22 Sep The Art of Transition: Why Phola Gumede Decided to Change Her Tune
Phola Gumede’s playlist ‘No One Begs Anymore’ is guaranteed to take you on a trip back to the 70’s and 80’s – it features the likes of Dianna Ross, Harold, Melvin & Blues Notes, The O’Jays, Lenny Williams, and Glady’s Knight. It’s smooth and beautifully curated – a real treat for your ears.
According to Spotify, a teens’ music taste is dominated by incredibly popular music, this proportion drops steadily through peoples’ 20s, before their tastes “mature” in their early 30s. During the teenage years, we embrace music at the top of the charts more than at any other time in our lives. As we grow older, our taste in music diverges sharply from the mainstream up to age 25, and a bit less sharply after that.
Notwithstanding the fact that Phola looks young, her taste in music is as mature as the world’s oldest bottle of wine.
I reached out to Gumede to chat with her about her career transition for our ongoing series ‘The Art of Transition’ which identifies and profiles creatives who have made the daring act of going after their dreams. Although she is popular for her great DJ’ing skills under the byname ‘LoveSlavePhola’, we get to know who Phola Gumede is.
Please tell us about yourself. What do you do and how did you get into the creative industry?
I am an urban culture enthusiast, DJ and I’m currently freelancing in Digital Marketing.

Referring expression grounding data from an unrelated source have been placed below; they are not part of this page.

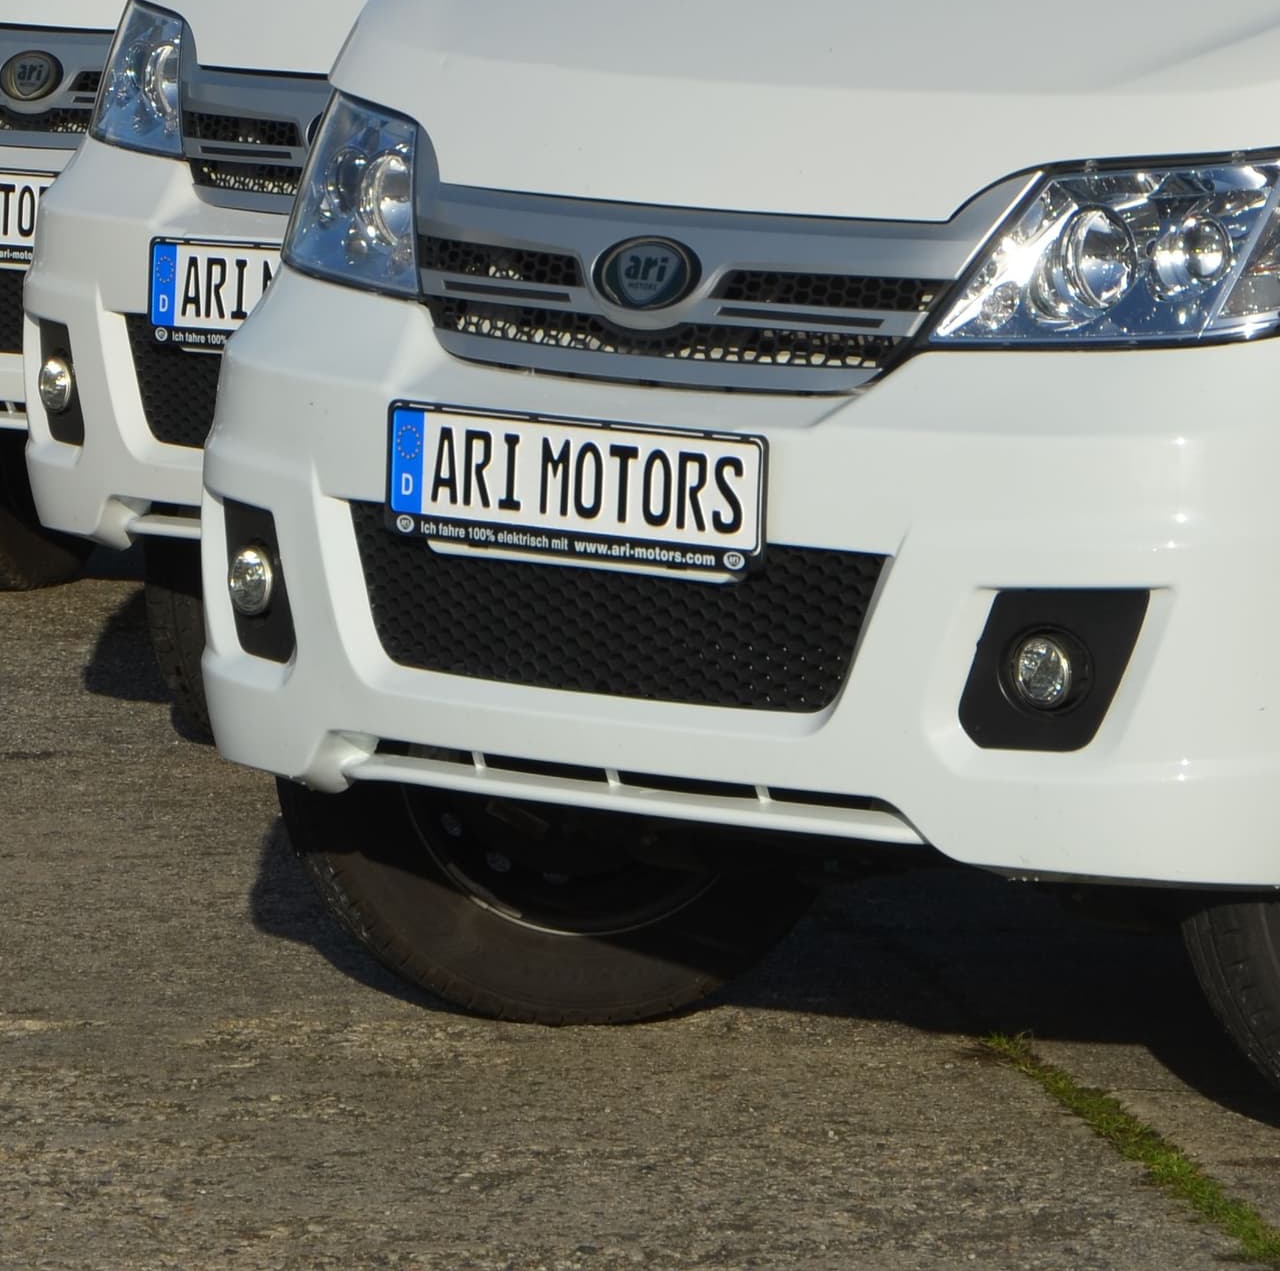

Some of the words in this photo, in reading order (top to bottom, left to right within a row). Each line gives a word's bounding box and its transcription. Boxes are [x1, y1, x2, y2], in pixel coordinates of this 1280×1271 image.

[17, 63, 45, 81] ari
[624, 255, 670, 282] ari
[181, 256, 248, 320] ARI
[159, 294, 168, 312] D
[172, 330, 184, 342] Ich
[185, 332, 206, 343] fahre
[401, 473, 414, 496] D
[431, 426, 522, 511] ARI
[539, 436, 744, 535] MOTORS
[420, 520, 437, 535] Ich
[438, 522, 466, 539] fahre
[467, 527, 496, 542] 100%
[497, 531, 549, 548] elektrisch
[551, 537, 568, 551] mit
[573, 540, 716, 567] www.ari-motors.com

I got into the creative industry by exploring my interests which are primarily music and street culture. A friend of mine taught me the basics of DJing which then turned into me playing at friend’s events, which then lead to me being a DJ.
What influenced your most recent artistic venture?

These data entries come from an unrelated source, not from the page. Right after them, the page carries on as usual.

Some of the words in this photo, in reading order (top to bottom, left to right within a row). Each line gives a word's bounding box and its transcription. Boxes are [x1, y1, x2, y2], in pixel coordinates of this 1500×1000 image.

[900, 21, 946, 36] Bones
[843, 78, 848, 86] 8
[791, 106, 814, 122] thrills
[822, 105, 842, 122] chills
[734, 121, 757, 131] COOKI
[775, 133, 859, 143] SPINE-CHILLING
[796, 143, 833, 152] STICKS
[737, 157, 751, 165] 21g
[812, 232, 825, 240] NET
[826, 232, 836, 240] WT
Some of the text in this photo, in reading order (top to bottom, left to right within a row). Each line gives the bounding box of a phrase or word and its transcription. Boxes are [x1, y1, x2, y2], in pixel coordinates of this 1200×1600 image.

There are many avenues of creativity that I’ve always wanted to explore so I decided to explore them.
Tell us a bit about your upbringing and how music played a role in your life growing up.

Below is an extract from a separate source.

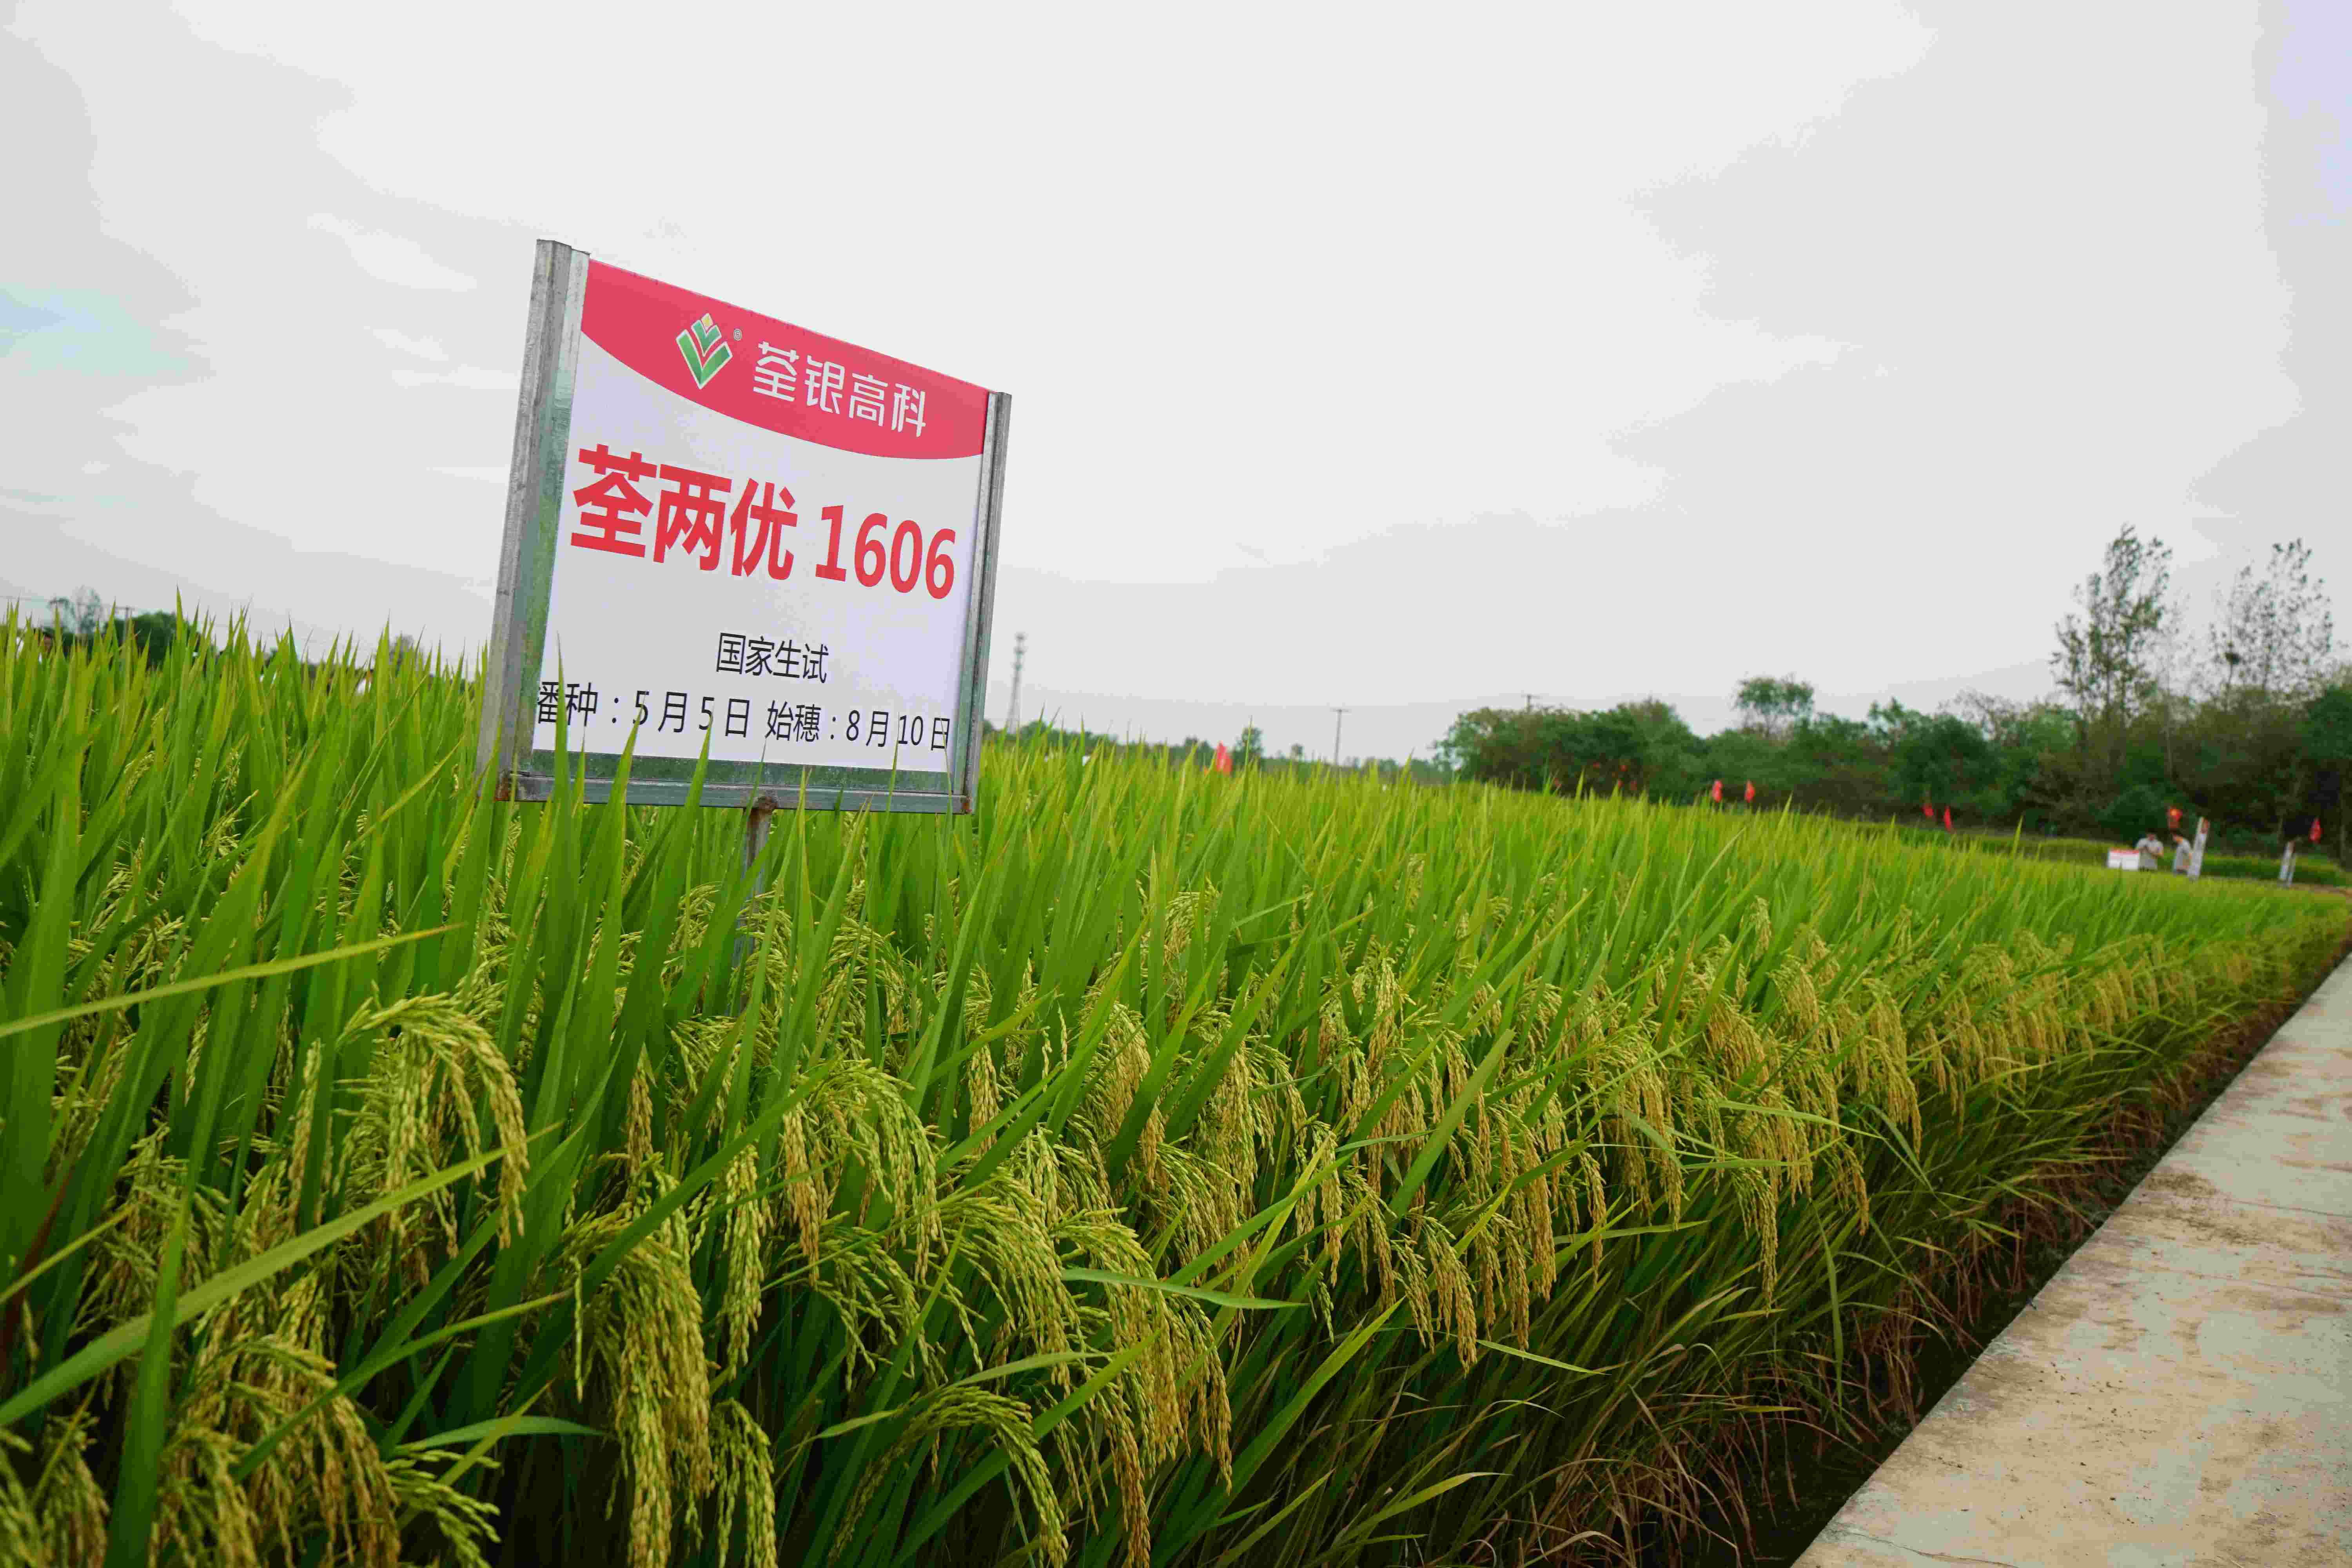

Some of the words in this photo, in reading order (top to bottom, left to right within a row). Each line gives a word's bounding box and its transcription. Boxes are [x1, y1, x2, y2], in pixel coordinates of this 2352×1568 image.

I was born Eshowe in KZN but primarily grew up in Joburg, and I was lucky in the sense that both cities had a pivotal influence on my upbringing.
A lot of r&b and old school music played at home, especially on Sundays, and that definitely influenced my music taste as an adult and influenced the type of music that I play.
Can you also tell us about your style or sound preferences; what’s your favourite genre?
My style is definitely influenced by old school type vibes and my sound preferences are mellow, hip hop, boom-bap. My favourite genre is definitely r&b without a shadow of a doubt.
I just love how the melodies and vocality of most artists make the emotion of a song almost palpable.
What and who are your artistic influences?
My artistic influences are soul and r&b artists such as Marvin Gaye, Minnie Riperton, Stevie Wonder, Erykah Badu, Aaliyah, and Sade.
Are you able to blend your 9-5 with music? If yes, tell us how you are able to marry the two different worlds.
I’m currently freelancing so the two definitely blend. I use social media to promote/market my DJ gigs, playlists, etc.
Why is it important for creatives to have different creative outlets?
I think it’s important as creatives to have various interests in creativity by default. The amazing part about it is that they usually feed into each other and can be explored as one grows.
Should companies encourage their staff members to explore other artistic ventures? What was your personal experience like?
It is super important for companies to encourage their employees to explore other artistic ventures. I think as creatives we aren’t one dimensional and we constantly in search of new ways to express ourselves. We’re constantly evolving. My personal experience hasn’t been great as my other avenues of creativity were not necessarily supported so I now know that I would never compromise my creative career for a 9-5 if it isn’t supported and/or encouraged.
Take us through your creative process, how do you prepare for a gig?
Prepping for a gig involves me listening to a bunch of music then compiling a tracklist with the vibe I think would be dope for the gig.
What’s the best thing about being a young, gifted woman in the South African creative scene right now?
The best thing about being a black woman in the creative South African scene right now is that we’ve now realized our potential and power and we’re fully tapping into that.
What are you currently listening to?
I’m currently listening to Langa Mavuso, Big Sean, Sault, Spillage Village, and DBN Gogo & DJ Dinho.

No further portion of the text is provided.